Entries taken from a collection
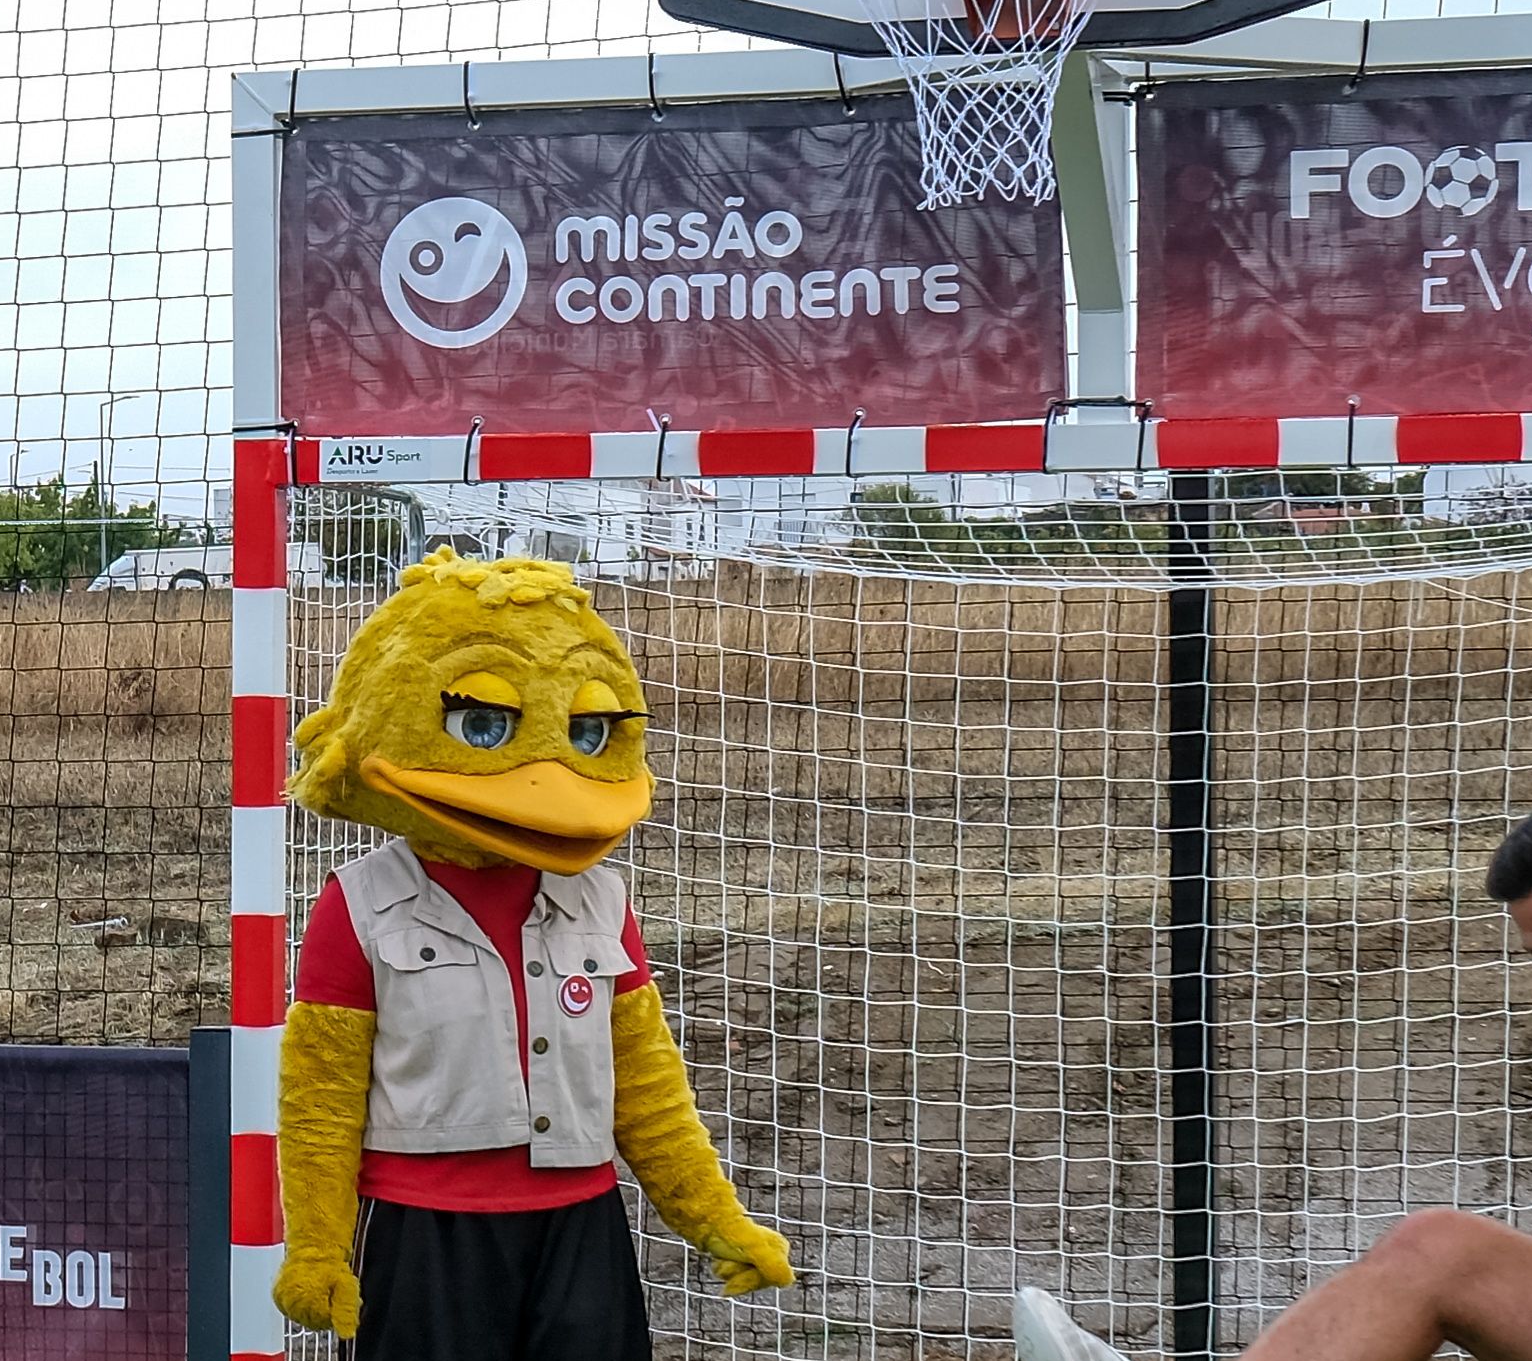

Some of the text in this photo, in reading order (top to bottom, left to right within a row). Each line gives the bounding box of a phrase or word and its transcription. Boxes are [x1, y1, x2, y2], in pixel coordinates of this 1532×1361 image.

[555, 196, 803, 264] MISSÃO
[555, 264, 960, 325] CONTINENTE
[328, 445, 421, 465] ARU Sport
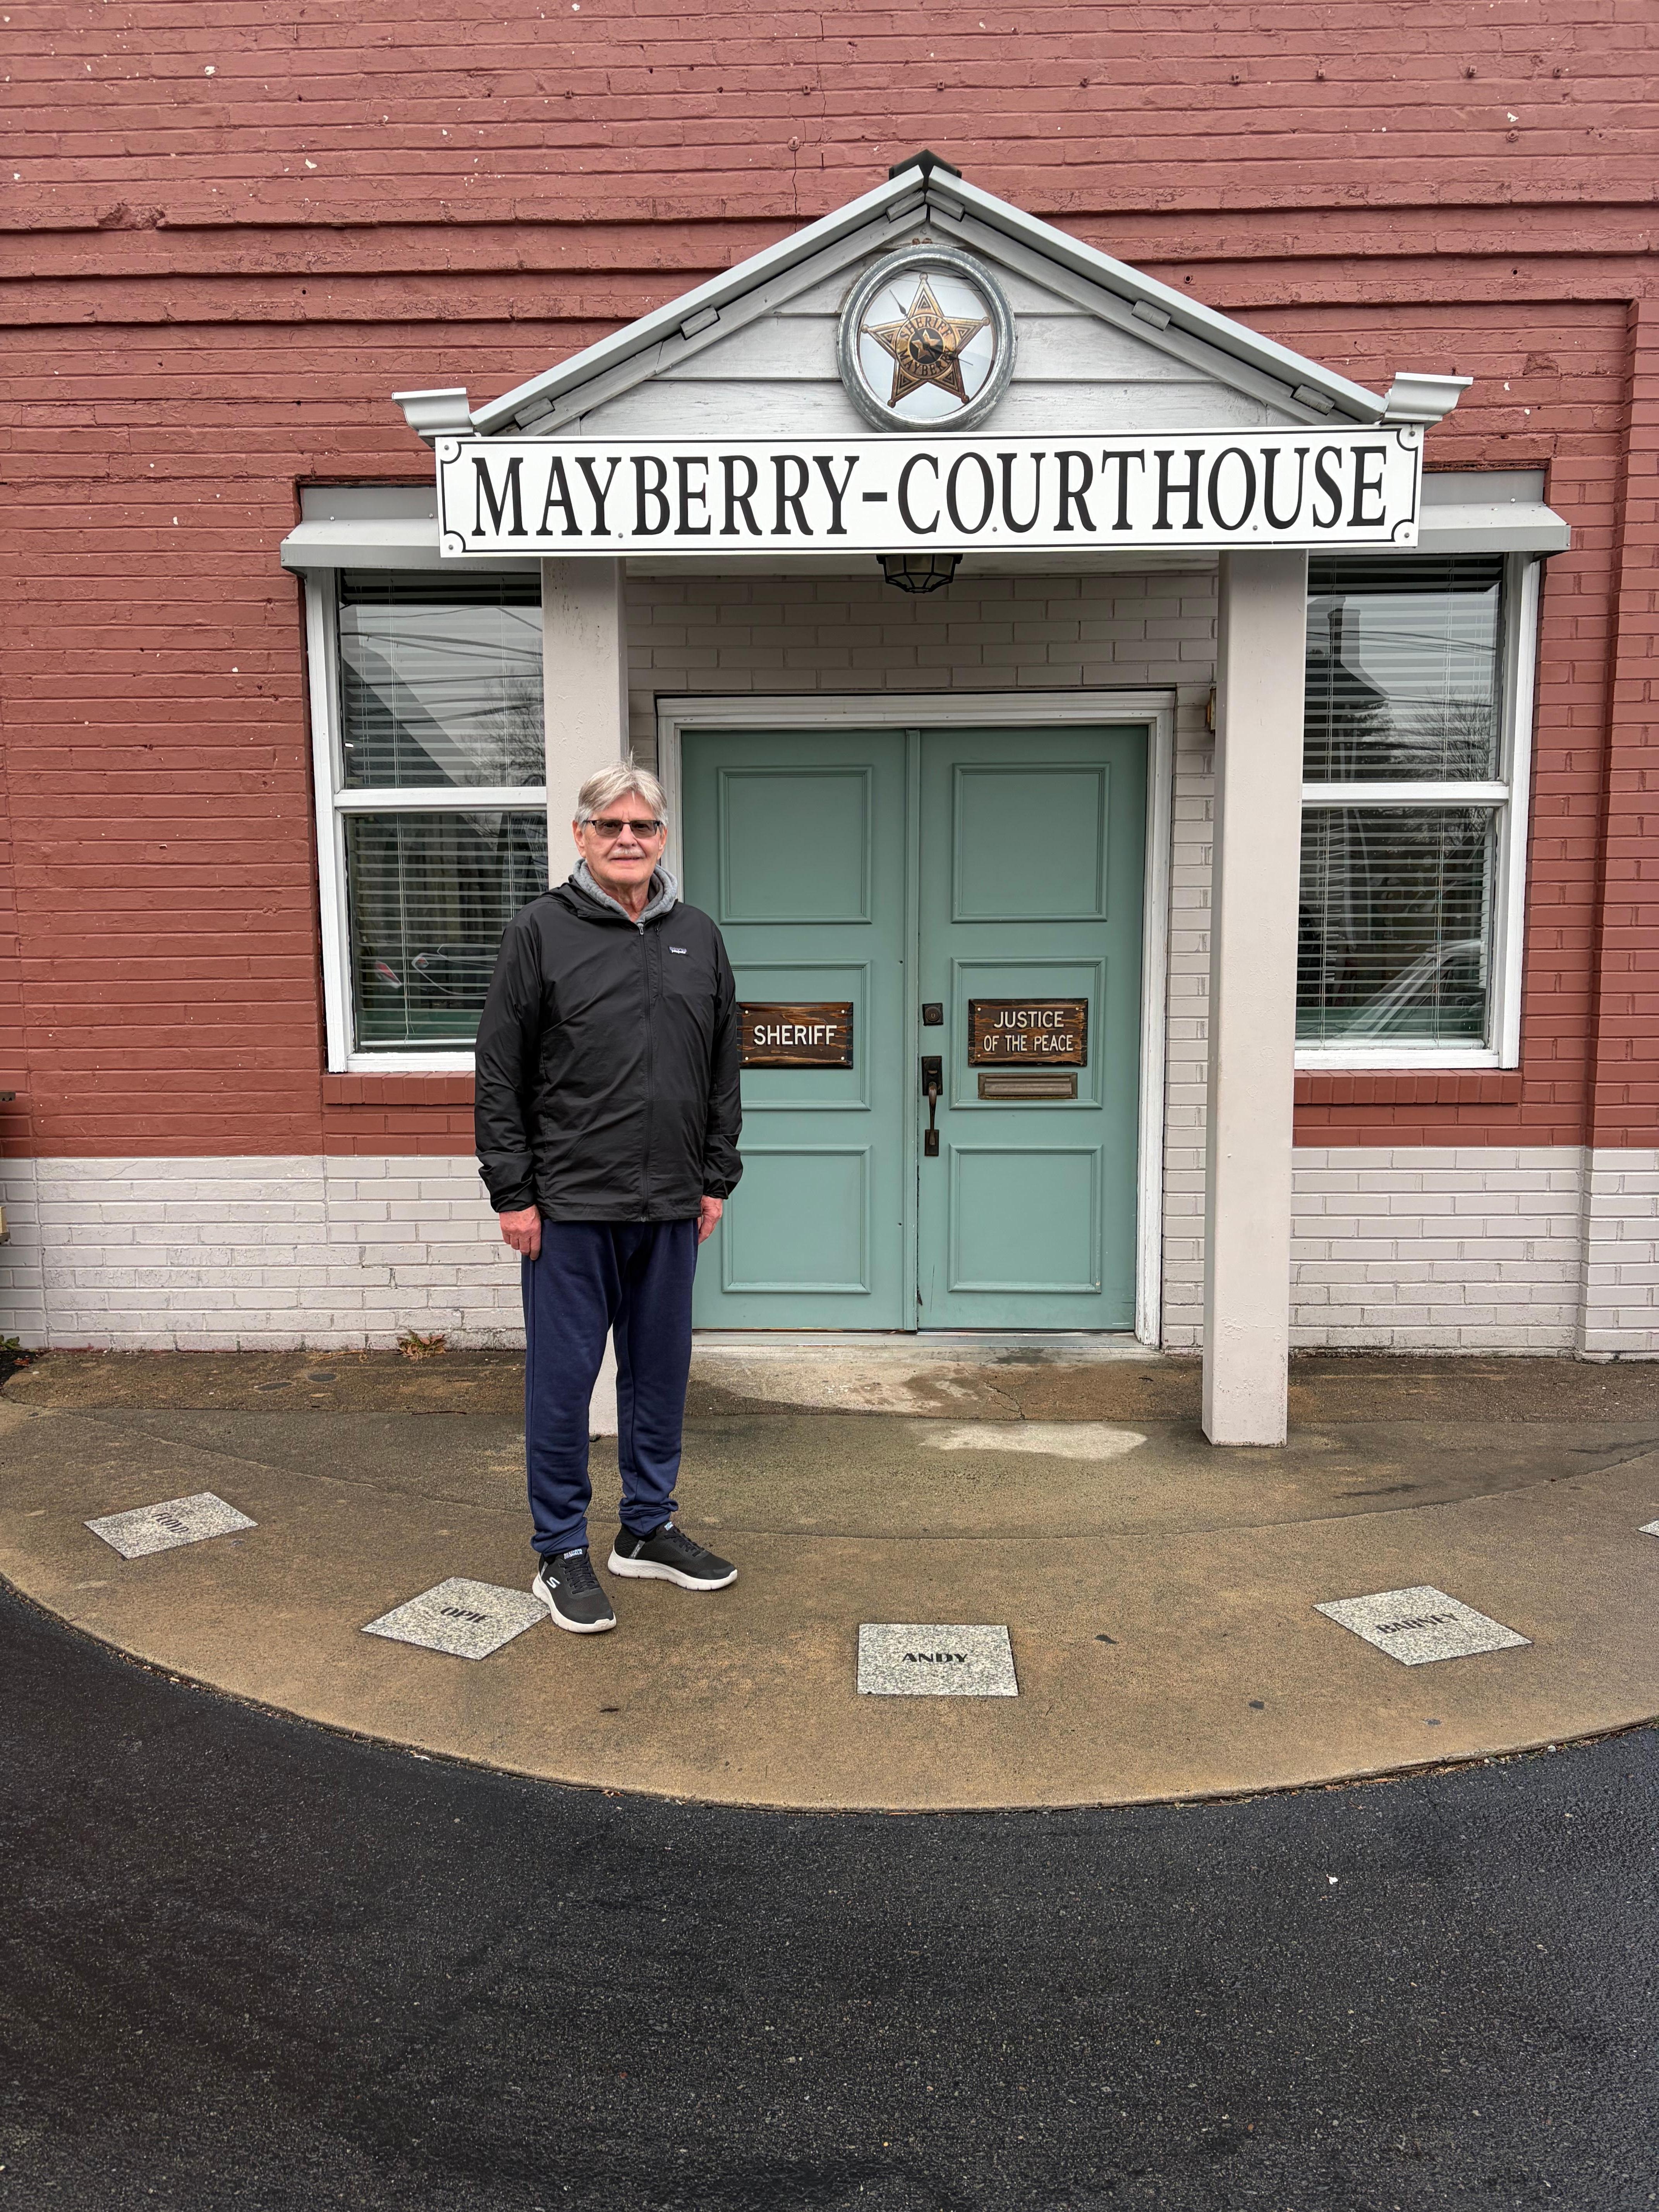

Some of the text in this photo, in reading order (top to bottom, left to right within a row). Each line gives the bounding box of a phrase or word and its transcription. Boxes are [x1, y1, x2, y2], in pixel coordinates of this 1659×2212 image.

[899, 316, 954, 340] SHERIFF
[898, 345, 957, 376] MAYBERRY
[471, 445, 1387, 536] MAYBERRY-COURTHOUSE
[994, 1011, 1064, 1028] JUSTICE
[753, 1024, 838, 1046] SHERIFF
[983, 1034, 1073, 1052] OF THE PEACE
[151, 1512, 189, 1534] FLOYD
[440, 1607, 492, 1623] OPIE
[1375, 1612, 1461, 1634] BARNEY
[902, 1653, 969, 1663] ANDY

* **Work required**
Every line above should be duplicated exactly; the pictures are to be left out.

* **Response**
Some of the text in this photo, in reading order (top to bottom, left to right within a row). Each line gives the bounding box of a phrase or word and its transcription. Boxes are [x1, y1, x2, y2], in pixel coordinates of this 1532×1361 image.

[555, 196, 803, 264] MISSÃO
[555, 264, 960, 325] CONTINENTE
[328, 445, 421, 465] ARU Sport

Some of the text in this photo, in reading order (top to bottom, left to right within a row). Each line gives the bounding box of a phrase or word and its transcription. Boxes are [x1, y1, x2, y2], in pixel coordinates of this 1659×2212 image.

[899, 316, 954, 340] SHERIFF
[898, 345, 957, 376] MAYBERRY
[471, 445, 1387, 536] MAYBERRY-COURTHOUSE
[994, 1011, 1064, 1028] JUSTICE
[753, 1024, 838, 1046] SHERIFF
[983, 1034, 1073, 1052] OF THE PEACE
[151, 1512, 189, 1534] FLOYD
[440, 1607, 492, 1623] OPIE
[1375, 1612, 1461, 1634] BARNEY
[902, 1653, 969, 1663] ANDY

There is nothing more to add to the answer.